Elevated aspartate aminotransferase and monocyte counts predict unfavorable prognosis in patients with malignant pleural mesothelioma

Neoplasma 2016 November 24 [Epub ahead of print] [Link]

Zhang A, Cao S, Jin S, Cao J, Shen J, Pan B, Zhu R, Yu Y


Limited biomarkers predicting prognosis of malignant pleural mesothelioma (MPM) have been identified. The present study aims to assess potential laboratory prognostic factors of MPM. We retrospectively reviewed the clinical data of 105 patients with MPM. The overall survival and prognostic factors were assessed by Kaplan-Meier curves and Cox regression analysis. A receiver operating characteristic (ROC) curve analysis was performed to determine the optimal cut-off values. The mean age of the 105 patients (62 men, 43 women) was 56.0 years. The major clinical presentations were dyspnea, cough and chest pain. The most common laboratory abnormalities were thrombocytosis and elevated monocyte count. Significant prognostic factors on univariate analysis were performance status (PS), serum albumin, aspartate aminotransferase (AST), lactate dehydrogenase (LDH), alkaline phosphatase (ALP), monocyte, platelet to lymphocyte ratio (PLR), lymphocyte to monocyte ratio (LMR) and treatment strategy.

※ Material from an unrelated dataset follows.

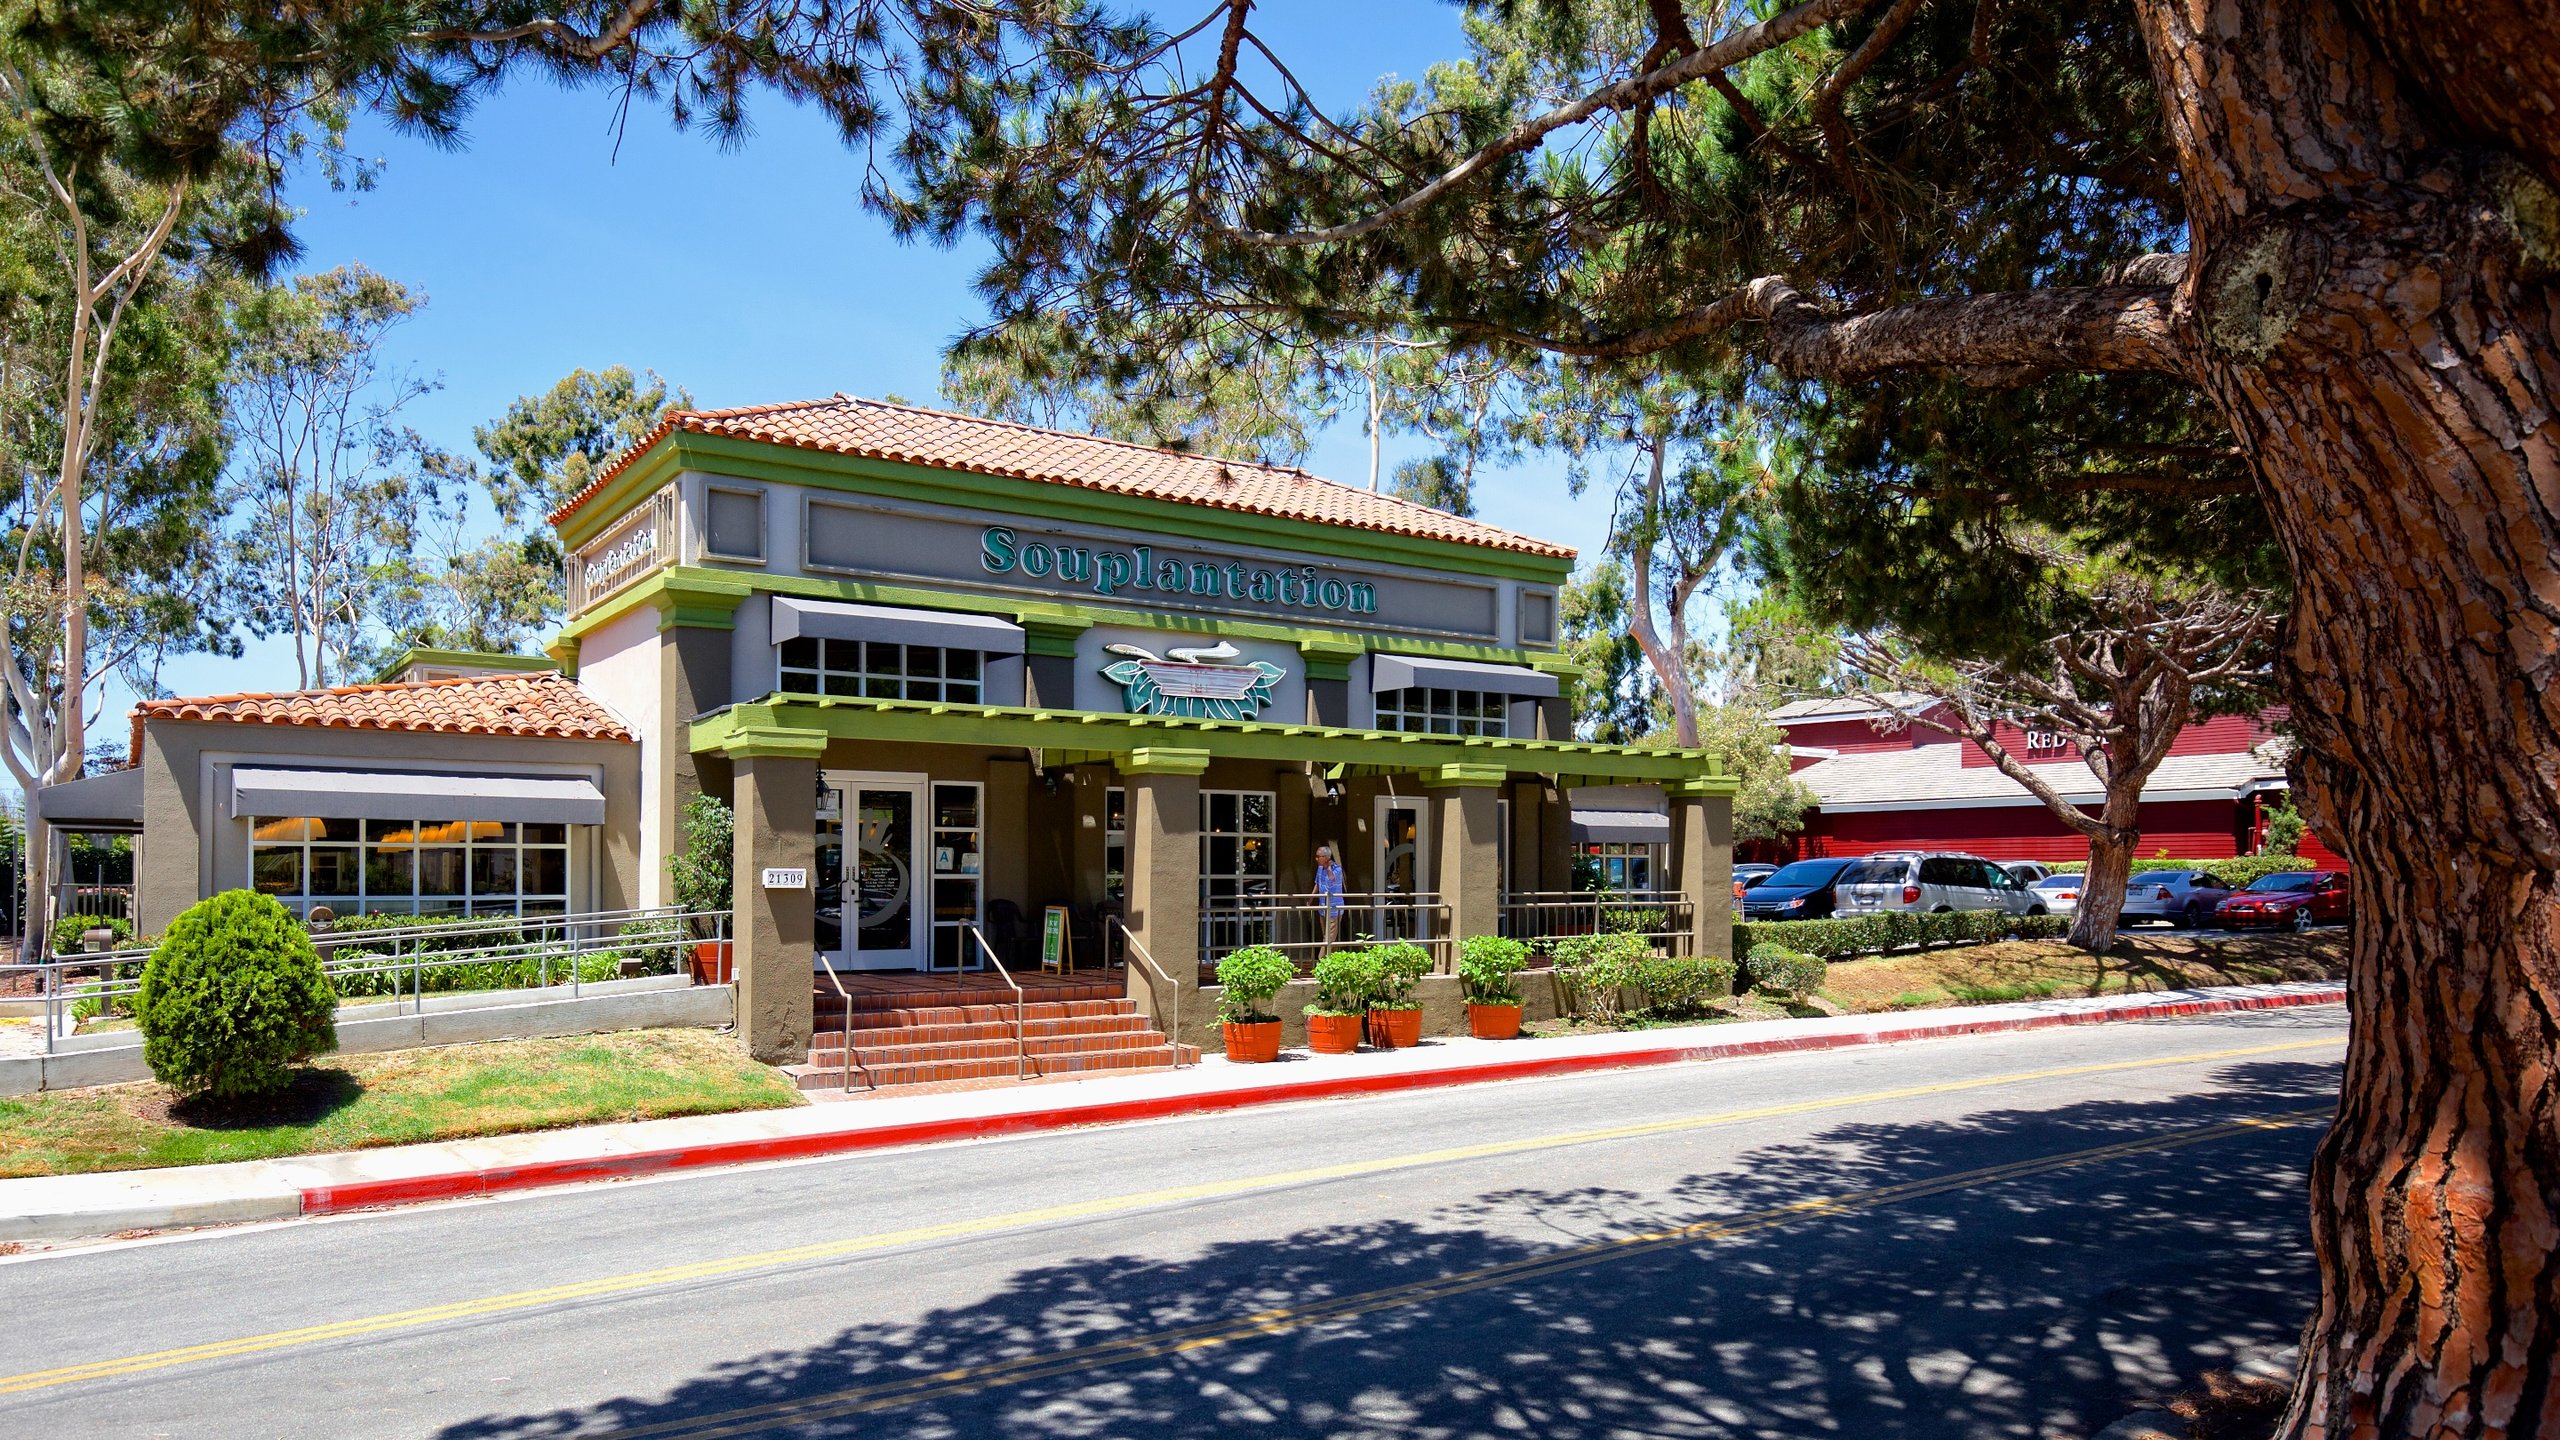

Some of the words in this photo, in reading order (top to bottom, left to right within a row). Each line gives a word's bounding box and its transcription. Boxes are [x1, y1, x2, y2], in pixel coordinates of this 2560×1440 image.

[981, 526, 1378, 613] Souplantation
[940, 851, 949, 862] A
[768, 873, 803, 884] 21309

Multivariate analysis showed PS, AST, monocyte, and treatment strategy were statistically significant (p<0.05). Higher AST level and monocyte count were both related to the presence of anemia (p=0.001 and 0.010, respectively) and higher ALP level (p=0.049 and 0.001, respectively). A higher AST level was also associated with higher alanine aminotransferase (ALT) and LDH level (p<0.05). A higher monocyte count was also correlated with male patients, higher white blood cell (WBC), platelet, neutrophil counts, lower red blood cell (RBC) and LMR counts (p<0.05). In conclusion, our data show that PS<2, normal AST level, lower monocyte count, and multimodality treatment are independent positive prognostic factors of MPM. The elevated AST and monocyte levels represent unfavorable prognostic biomarkers of MPM.